За ядовитыми змеями. Дьявольское отродье — страница 62 из 83

— Пойду-ка я спать, — сладко зевает Дуб, и его шаги замирают вдали.

Мы помогаем огорченному Рочеву ловить метляка, ставить переметы. Петя разводит небольшой костерок, отсветы пламени играют на черной воде. Лена сидит, обхватив руками коленки, неотрывно глядит на огонь. О чем она думает? Петя вполголоса мурлычет старинную сибирскую песню. Рочев прогуливается вдоль берега реки, в ночном воздухе звериным зрачком горит огонек его папиросы. Часом позже уходим и мы с Марком, где-то за мысом, играя, шлепает по воде лопушистым хвостом налим…


Разбудили меня птицы, воздававшие хвалу восходящему солнцу. Ребята уже успели умыться, Николай с этюдником стоял поодаль, увлеченно работал. Дуб помешивал поварешкой в котле:

— Уварилась юшка. Рыбак наш все ж таки добился своего. Упрямый, распроязви его…

Стерляжья уха оказалась превосходной, насытиться ею было невозможно, и это огорчало Дуба:

— Уху всю выхлебали, кашу оприходовали, да еще добавки просите! Эдак мне вас не прокормить!

— Не боись, Иван Иванович, золотишко все расходы окупит сполна, — утешал Петька. — И на нас не обижайся, не такие уж мы прожорливые.

Когда двинулись дальше, я с друзьями приотстал от остальных. Марк поглядел на меня испытующе:

— Ты всерьез веришь, что тут можно золото найти? Это же авантюра!

— Если так, почему ты здесь оказался?

— Во всяком случае, не золото меня прельстило. В этих краях мне еще бывать не приходилось, потому и приехал.

— А ты, Коля, что думаешь насчет клада?

— Мне клады не нужны, природа здесь роскошная, художнику есть где разгуляться…

На третий день утром мы пришли в Карачино, до заветного места оставалось одиннадцать километров. В деревне был объявлен короткий привал, мы остановились на околице, Дуб привел сгорбленного старичка, чтобы уточнить кое-какие детали. Услышав о кладе, старик тут же вызвался нас сопровождать, но вскоре отказался от своего намерения: здоровье не позволяло… Я потихоньку спросил старичка, что он знает о кладах, дед слышал о них очень много, но поклялся, что никто из его односельчан ничего ценного в земле не находил. Комментарии к этому заявлению не требовались.
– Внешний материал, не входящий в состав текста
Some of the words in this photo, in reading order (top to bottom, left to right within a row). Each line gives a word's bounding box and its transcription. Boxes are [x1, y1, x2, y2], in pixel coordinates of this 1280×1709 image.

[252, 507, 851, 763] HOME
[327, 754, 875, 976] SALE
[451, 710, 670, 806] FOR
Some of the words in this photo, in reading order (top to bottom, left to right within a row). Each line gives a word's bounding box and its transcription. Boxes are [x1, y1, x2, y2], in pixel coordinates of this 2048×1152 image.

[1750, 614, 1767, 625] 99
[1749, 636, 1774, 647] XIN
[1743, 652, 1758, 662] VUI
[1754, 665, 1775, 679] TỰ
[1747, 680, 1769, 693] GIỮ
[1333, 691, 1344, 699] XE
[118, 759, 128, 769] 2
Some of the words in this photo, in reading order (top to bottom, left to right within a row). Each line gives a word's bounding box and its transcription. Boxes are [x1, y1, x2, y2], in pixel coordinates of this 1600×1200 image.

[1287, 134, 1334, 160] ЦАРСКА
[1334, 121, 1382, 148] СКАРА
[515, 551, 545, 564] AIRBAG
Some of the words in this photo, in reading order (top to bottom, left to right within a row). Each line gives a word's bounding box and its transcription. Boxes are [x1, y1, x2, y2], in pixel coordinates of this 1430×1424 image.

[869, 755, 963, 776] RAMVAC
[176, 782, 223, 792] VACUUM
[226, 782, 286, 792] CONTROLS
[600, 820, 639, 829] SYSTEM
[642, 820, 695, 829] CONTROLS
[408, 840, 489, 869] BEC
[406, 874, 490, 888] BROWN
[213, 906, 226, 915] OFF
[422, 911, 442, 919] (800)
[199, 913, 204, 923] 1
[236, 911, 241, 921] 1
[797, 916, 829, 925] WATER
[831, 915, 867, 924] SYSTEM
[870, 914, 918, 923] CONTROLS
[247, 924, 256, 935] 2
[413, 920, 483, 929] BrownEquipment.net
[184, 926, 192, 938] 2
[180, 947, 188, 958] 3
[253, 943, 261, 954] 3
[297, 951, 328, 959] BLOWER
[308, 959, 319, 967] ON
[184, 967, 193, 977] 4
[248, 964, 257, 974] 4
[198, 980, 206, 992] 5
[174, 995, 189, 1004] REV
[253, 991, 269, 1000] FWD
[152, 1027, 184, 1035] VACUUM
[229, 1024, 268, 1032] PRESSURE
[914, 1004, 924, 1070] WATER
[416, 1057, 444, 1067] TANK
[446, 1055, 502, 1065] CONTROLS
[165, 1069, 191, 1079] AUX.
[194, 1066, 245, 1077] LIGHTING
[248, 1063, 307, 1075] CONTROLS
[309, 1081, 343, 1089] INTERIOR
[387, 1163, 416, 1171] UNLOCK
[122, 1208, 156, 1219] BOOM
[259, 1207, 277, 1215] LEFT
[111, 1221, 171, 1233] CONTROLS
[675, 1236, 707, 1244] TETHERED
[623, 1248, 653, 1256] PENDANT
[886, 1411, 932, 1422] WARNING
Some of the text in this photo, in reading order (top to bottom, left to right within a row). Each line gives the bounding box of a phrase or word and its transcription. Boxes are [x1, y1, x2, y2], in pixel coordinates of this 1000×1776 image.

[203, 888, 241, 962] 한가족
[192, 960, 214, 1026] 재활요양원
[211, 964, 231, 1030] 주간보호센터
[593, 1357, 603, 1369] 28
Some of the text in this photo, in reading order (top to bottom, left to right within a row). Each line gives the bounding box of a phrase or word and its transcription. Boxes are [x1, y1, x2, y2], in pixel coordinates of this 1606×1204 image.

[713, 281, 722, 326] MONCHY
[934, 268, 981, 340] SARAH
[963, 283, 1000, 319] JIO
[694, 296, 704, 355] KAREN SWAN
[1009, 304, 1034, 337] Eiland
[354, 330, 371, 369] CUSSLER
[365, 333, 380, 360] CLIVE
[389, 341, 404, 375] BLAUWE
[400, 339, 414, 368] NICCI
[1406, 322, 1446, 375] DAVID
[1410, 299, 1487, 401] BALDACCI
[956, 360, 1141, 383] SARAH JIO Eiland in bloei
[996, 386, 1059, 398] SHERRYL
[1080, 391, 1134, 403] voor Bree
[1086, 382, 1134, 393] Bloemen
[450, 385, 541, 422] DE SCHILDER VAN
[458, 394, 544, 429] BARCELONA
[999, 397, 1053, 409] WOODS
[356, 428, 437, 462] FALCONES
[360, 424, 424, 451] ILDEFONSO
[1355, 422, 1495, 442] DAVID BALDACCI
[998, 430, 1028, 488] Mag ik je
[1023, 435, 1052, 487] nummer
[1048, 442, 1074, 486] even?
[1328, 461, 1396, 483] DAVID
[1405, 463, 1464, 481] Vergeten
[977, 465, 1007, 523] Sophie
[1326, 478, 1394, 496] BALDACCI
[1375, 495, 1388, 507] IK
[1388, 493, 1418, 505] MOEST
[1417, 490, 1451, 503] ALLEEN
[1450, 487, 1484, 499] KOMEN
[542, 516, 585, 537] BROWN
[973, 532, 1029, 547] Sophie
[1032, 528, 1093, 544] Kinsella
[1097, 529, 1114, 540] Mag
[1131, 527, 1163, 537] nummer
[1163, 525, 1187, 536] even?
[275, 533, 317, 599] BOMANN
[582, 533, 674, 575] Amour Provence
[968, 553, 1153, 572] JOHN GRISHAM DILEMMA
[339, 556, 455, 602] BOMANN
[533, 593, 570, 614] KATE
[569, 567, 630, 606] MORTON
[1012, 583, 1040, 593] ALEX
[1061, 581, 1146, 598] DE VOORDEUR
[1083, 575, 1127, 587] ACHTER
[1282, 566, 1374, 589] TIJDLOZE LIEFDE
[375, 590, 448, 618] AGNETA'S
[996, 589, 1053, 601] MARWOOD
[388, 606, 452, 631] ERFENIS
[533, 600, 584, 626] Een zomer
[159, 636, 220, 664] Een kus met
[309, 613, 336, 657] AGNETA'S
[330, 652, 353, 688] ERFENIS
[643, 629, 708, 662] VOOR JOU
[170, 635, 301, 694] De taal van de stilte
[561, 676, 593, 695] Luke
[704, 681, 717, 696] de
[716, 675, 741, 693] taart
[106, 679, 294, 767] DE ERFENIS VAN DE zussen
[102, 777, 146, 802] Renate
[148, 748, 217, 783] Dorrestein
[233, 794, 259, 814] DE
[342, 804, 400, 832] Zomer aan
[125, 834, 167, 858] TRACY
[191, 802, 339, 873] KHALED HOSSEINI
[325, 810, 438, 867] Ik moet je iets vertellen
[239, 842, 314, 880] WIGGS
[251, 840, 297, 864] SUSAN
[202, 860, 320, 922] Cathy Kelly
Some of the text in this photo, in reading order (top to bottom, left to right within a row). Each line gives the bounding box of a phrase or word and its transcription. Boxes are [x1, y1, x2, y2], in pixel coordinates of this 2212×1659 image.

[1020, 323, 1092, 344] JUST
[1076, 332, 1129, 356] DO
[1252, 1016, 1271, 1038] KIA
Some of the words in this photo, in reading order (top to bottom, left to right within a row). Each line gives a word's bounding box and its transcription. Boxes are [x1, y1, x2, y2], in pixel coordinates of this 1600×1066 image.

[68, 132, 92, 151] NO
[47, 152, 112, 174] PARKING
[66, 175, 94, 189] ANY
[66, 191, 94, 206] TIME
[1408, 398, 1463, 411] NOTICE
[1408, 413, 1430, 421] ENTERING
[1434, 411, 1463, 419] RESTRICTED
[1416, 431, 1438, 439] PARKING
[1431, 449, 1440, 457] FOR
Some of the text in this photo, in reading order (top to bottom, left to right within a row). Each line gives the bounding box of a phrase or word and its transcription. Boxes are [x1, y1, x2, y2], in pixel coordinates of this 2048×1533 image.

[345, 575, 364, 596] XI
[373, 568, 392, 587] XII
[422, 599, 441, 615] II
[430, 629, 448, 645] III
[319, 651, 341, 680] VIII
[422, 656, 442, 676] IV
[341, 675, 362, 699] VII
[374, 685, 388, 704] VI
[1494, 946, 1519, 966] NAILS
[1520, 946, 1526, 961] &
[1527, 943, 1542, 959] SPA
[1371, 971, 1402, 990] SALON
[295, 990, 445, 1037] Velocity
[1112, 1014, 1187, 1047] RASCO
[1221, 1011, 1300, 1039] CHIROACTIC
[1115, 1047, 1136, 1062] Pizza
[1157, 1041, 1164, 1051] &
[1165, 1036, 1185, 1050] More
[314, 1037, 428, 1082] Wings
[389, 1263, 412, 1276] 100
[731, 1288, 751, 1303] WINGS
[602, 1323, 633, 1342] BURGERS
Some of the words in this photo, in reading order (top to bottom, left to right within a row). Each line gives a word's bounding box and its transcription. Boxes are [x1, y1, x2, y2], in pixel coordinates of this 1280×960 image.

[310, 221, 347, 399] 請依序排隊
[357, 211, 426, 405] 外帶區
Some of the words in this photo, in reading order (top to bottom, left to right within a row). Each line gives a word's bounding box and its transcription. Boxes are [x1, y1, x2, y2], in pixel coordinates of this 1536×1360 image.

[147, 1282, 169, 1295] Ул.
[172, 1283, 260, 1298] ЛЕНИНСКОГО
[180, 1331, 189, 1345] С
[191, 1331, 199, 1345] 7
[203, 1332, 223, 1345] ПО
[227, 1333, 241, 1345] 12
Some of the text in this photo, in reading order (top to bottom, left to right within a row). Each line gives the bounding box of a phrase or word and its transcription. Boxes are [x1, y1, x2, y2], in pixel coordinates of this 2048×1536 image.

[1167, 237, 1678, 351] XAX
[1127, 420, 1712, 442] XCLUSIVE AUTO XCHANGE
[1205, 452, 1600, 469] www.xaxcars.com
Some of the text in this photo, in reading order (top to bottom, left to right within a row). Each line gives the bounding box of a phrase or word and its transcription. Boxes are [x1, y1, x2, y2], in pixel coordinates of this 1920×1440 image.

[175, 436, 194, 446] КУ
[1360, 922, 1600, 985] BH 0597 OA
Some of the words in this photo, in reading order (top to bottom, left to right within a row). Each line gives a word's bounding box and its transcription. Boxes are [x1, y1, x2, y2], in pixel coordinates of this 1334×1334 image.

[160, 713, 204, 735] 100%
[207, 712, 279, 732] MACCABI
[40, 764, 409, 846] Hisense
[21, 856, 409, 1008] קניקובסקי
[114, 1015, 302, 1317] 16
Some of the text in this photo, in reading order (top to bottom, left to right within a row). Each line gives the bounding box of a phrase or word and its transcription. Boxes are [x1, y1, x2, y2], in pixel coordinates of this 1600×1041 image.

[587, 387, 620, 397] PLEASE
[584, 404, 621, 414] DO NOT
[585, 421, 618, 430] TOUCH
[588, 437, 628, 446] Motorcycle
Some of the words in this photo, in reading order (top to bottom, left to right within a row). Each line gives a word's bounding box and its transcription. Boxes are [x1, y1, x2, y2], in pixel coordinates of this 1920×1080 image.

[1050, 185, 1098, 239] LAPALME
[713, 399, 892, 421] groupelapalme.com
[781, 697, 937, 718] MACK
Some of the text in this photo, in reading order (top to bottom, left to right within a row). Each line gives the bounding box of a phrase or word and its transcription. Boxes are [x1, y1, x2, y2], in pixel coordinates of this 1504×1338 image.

Покуда мы выуживали информацию у аборигена, Дуб притащил бидон молока, напоил нас, наполнил фляги и хотел было продолжить заготовку съестного, но пора было идти дальше. Остаток пути мы проделали без приключений; увидев стоящую на высоком берегу реки деревянную часовенку, мы направились прямо к ней.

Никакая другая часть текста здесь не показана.